Однако легко понять, что все дело у Шварца не сведено к Дракону, к машине обнаглевшей государственности. Есть другая сторона. Постоянную опору для искажения, растления жизни Шварц видит ещё в душевной природе «нормального человека». В его способности разделить обманы (иногда — с упоением), терять с готовностью самого себя, скажем так — морально уничтожаться…

…Особое впечатление на позднейших читателей производит последнее, третье действие «Дракона». Кажется фантастичным, что написано оно в 1943 году, когда ещё не пришел конец фашизму. Как же было увидеть, понять, проникнуть, куда может кинуться биография стран и народов? Одна форма демагогии сменила в «Драконе» другую. Место Дракона занял Бургомистр. Взамен ритуального раболепия является пошлятина, нахально раскрашенная под народолюбие. Разгулялась безграничная корысть в притязаниях. Кто успел, тот и смел. Кто наглей, тот и знатней… Как это Евгений Львович дошел до такой независимости по отношению к судьбе исторической, особенно жутко и нагло разгулявшейся ко второй трети нашего века?.. Предусмотрено всё: от обязательных чувств до места каждой вещи — и всё извращено… Вывернутая жизнь основательнейшим образом осознана и подпирается хитросплетенными самовнушениями… Как набраться отваги, свободы, веры, чтобы написать в тысяча девятьсот сорок третьем году «Дракона»?».

Знаю людей, которые постоянно перечитывают «Дракона» и каждый раз находят для себя в нем что-то новое. Андрей Богданов, всю свою жизнь посвятивший изучению противофашизма в творчестве Шварца и его вершины — «Дракона», говорил, что это евангелие XX века. Уверен, и последующего.

Шварцы ещё находились в Москве когда родился замысел «Золушки».

Надежда Николаевна Кошеверова расказывала, что, когда она приехала в Комитет по кинематографии сдавать снятый ею фильм «Черевички», встретила там Янину Жеймо. «Она сидела в уголке — такая маленькая, растерянная… Я взглянула на неё и неожиданно предложила: «Яничка, вы должны сыграть Золушку…». Она немного повеселела, и мы тут же отправились к Помещикову, который заведовал тогда Сценарным отделом в Комитете. Возражений у него не было, он только спросил: «А кто напишет сценарий?» И я, не задумываясь, выпалила: «Шварц». Разумеется, никакой предварительной договоренности с Евгением Львовичем у меня не было, но, узнав о замысле, он тоже им загорелся. Сценарий писался специально для Жеймо». (Искусство кино. 1997. № 3).

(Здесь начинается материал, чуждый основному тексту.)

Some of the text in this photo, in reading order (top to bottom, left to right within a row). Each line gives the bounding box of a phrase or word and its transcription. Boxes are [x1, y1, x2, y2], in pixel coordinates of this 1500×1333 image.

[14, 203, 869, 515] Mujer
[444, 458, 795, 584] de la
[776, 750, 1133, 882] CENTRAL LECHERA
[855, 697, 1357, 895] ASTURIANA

И уже 6 января 1945 года из Комитета на Ленфильм было послано письмо, в котором говорилось, что «вам разрешается заключить договор на написание сценария по мотивам сказки «Золушка» для режиссера Н. Кошеверовой». Так что, на мой взгляд, особого «простоя» у Шварца и в ту пору не наблюдалось.

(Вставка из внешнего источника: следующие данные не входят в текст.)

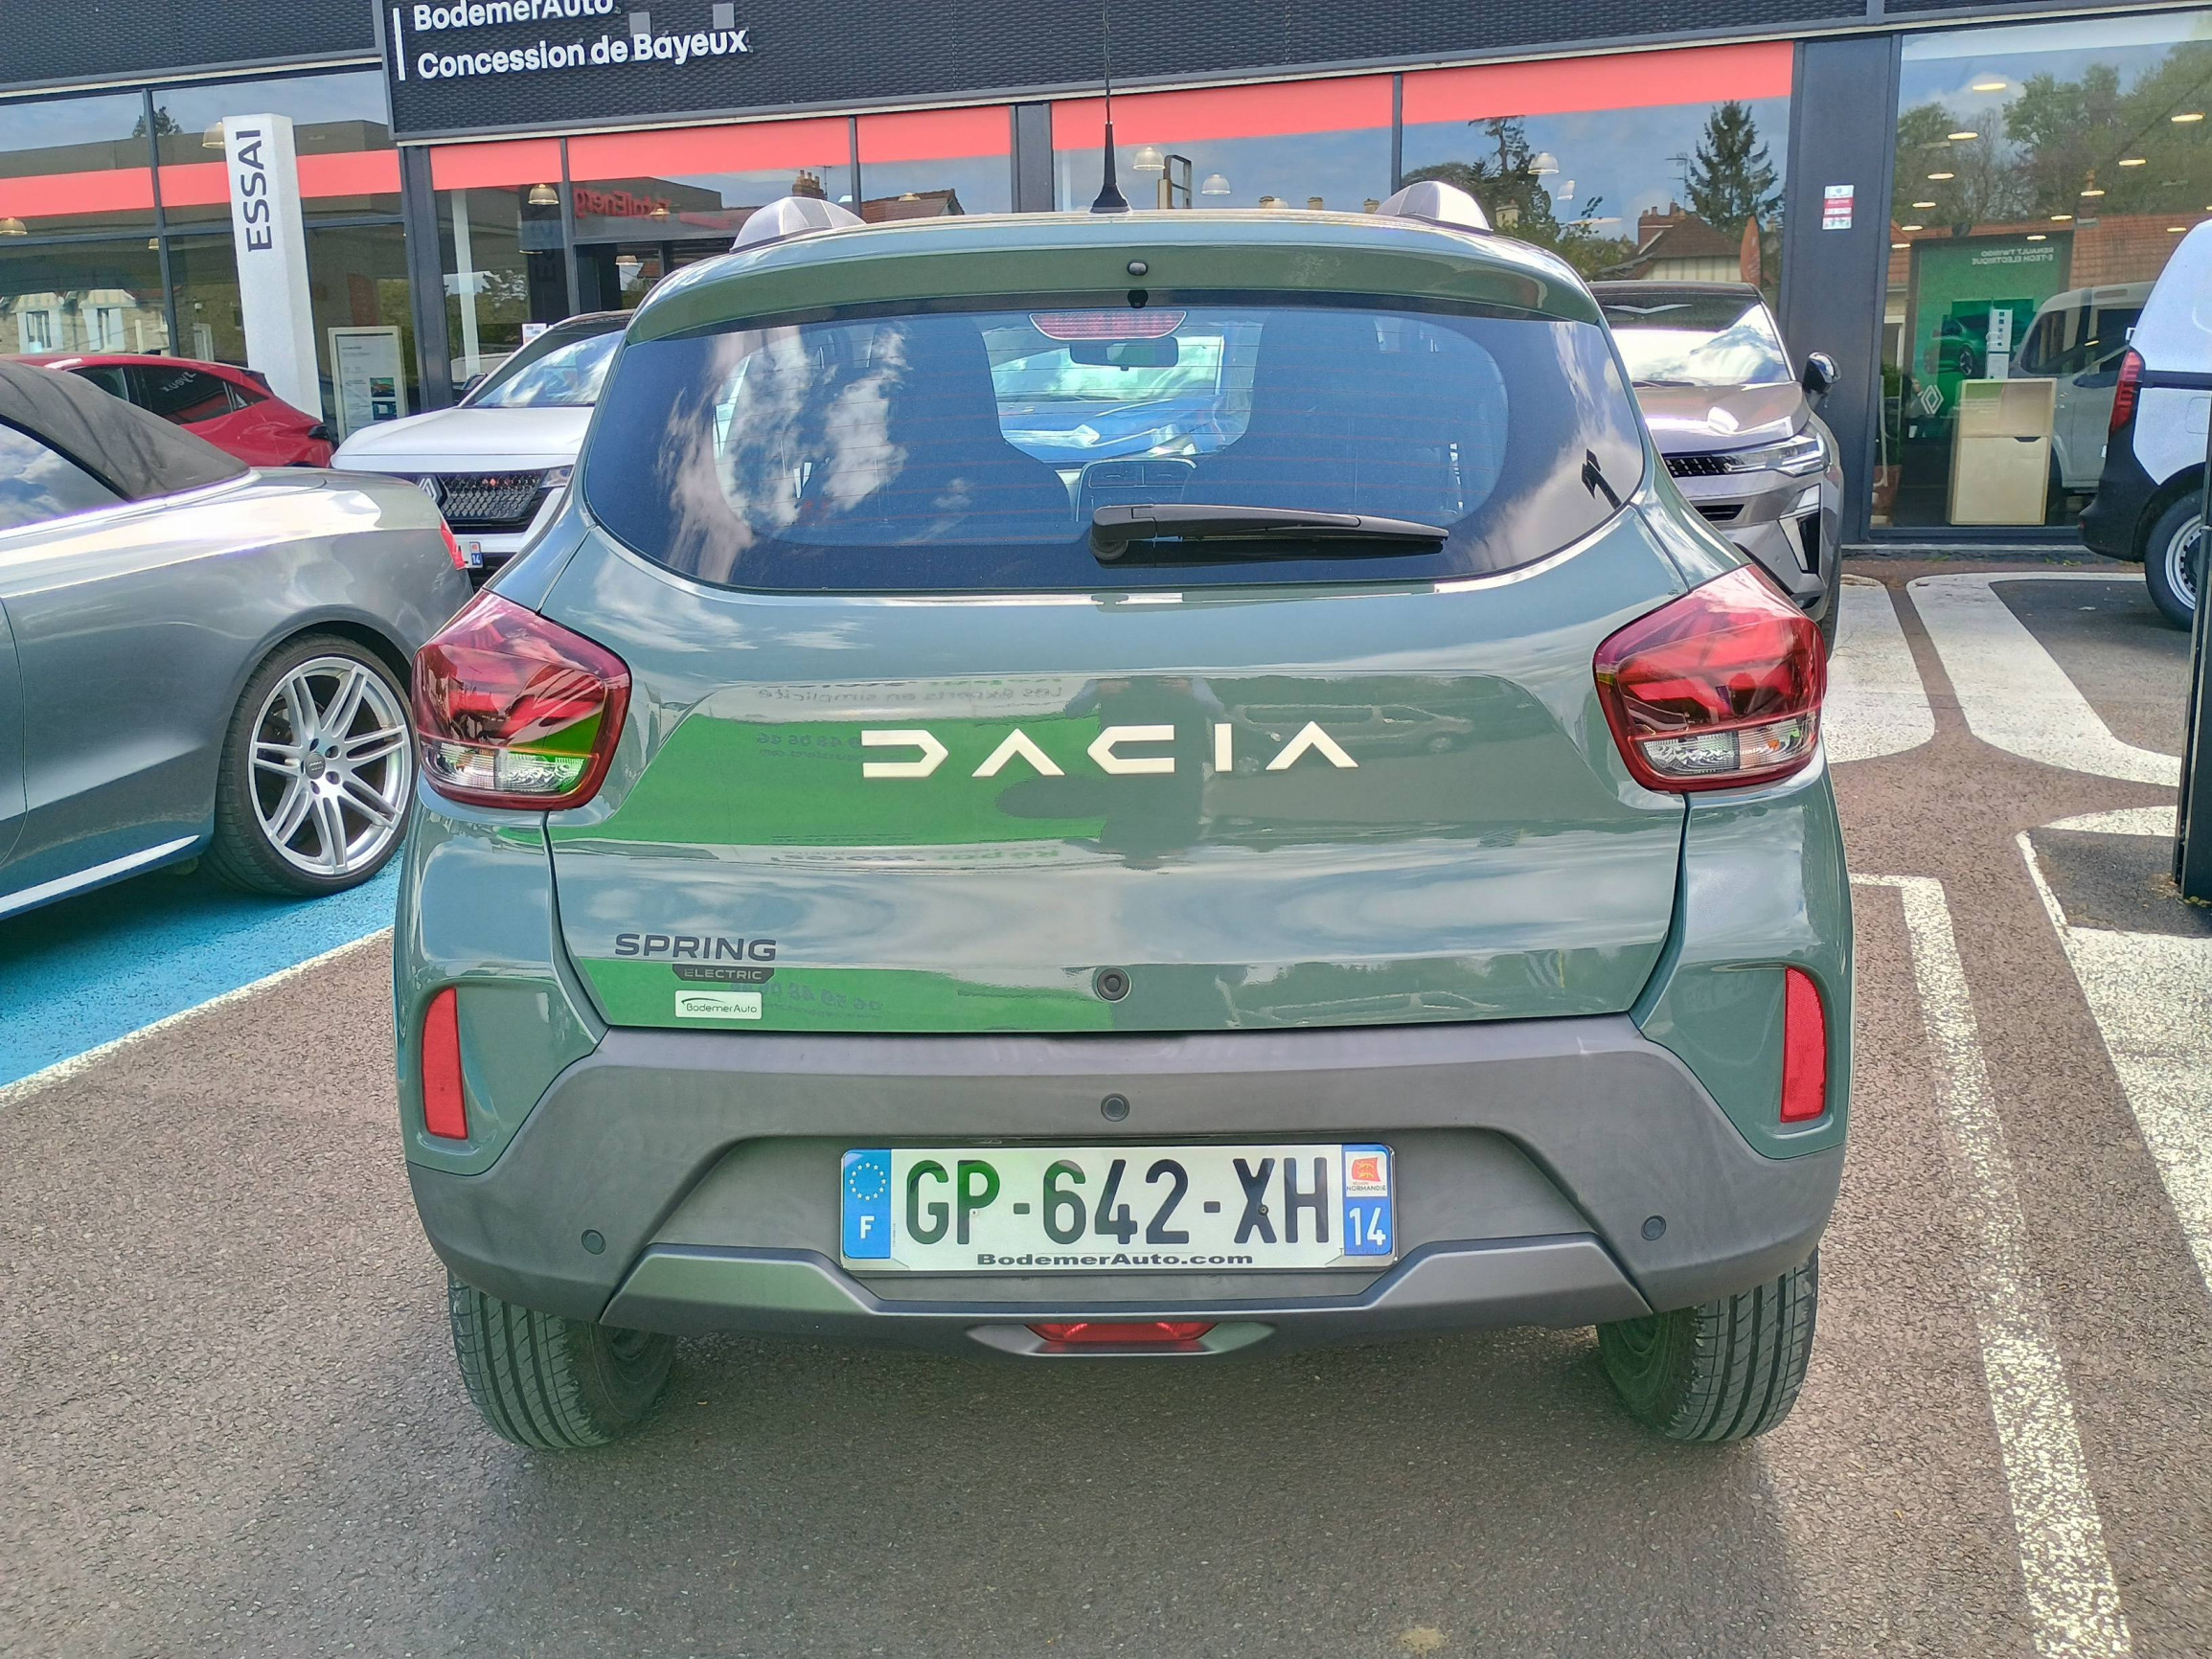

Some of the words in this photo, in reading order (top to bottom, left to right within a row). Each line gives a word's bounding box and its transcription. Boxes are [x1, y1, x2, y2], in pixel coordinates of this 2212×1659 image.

[418, 40, 585, 79] Concession
[590, 34, 628, 65] de
[633, 28, 749, 64] Bayeux
[235, 129, 273, 252] ESSAI
[861, 721, 1359, 778] DACIA
[614, 933, 777, 962] SPRING
[684, 967, 763, 981] ELECTRIC
[686, 1002, 758, 1013] BodemerAuto
[859, 1216, 875, 1239] F
[905, 1156, 1330, 1245] GP-642-XH
[1349, 1207, 1387, 1246] 14
[976, 1253, 1254, 1266] BodemerAuto.com

А судьба «Дракона» продолжалась.

В 1956 году, в связи с 60-летием Е. Л. Шварца, «Советский писатель» выпустил нетолстый сборник драматических его произведений «Тень и другие пьесы». Под «другими» значились: «Два клена», «Снежная королева», «Одна ночь», «Обыкновенное чудо» и «Золушка». Естественно, «Дракона» там не было. И все-таки то было счастьем: первый и, как окажется, последний прижизненный однотомничек.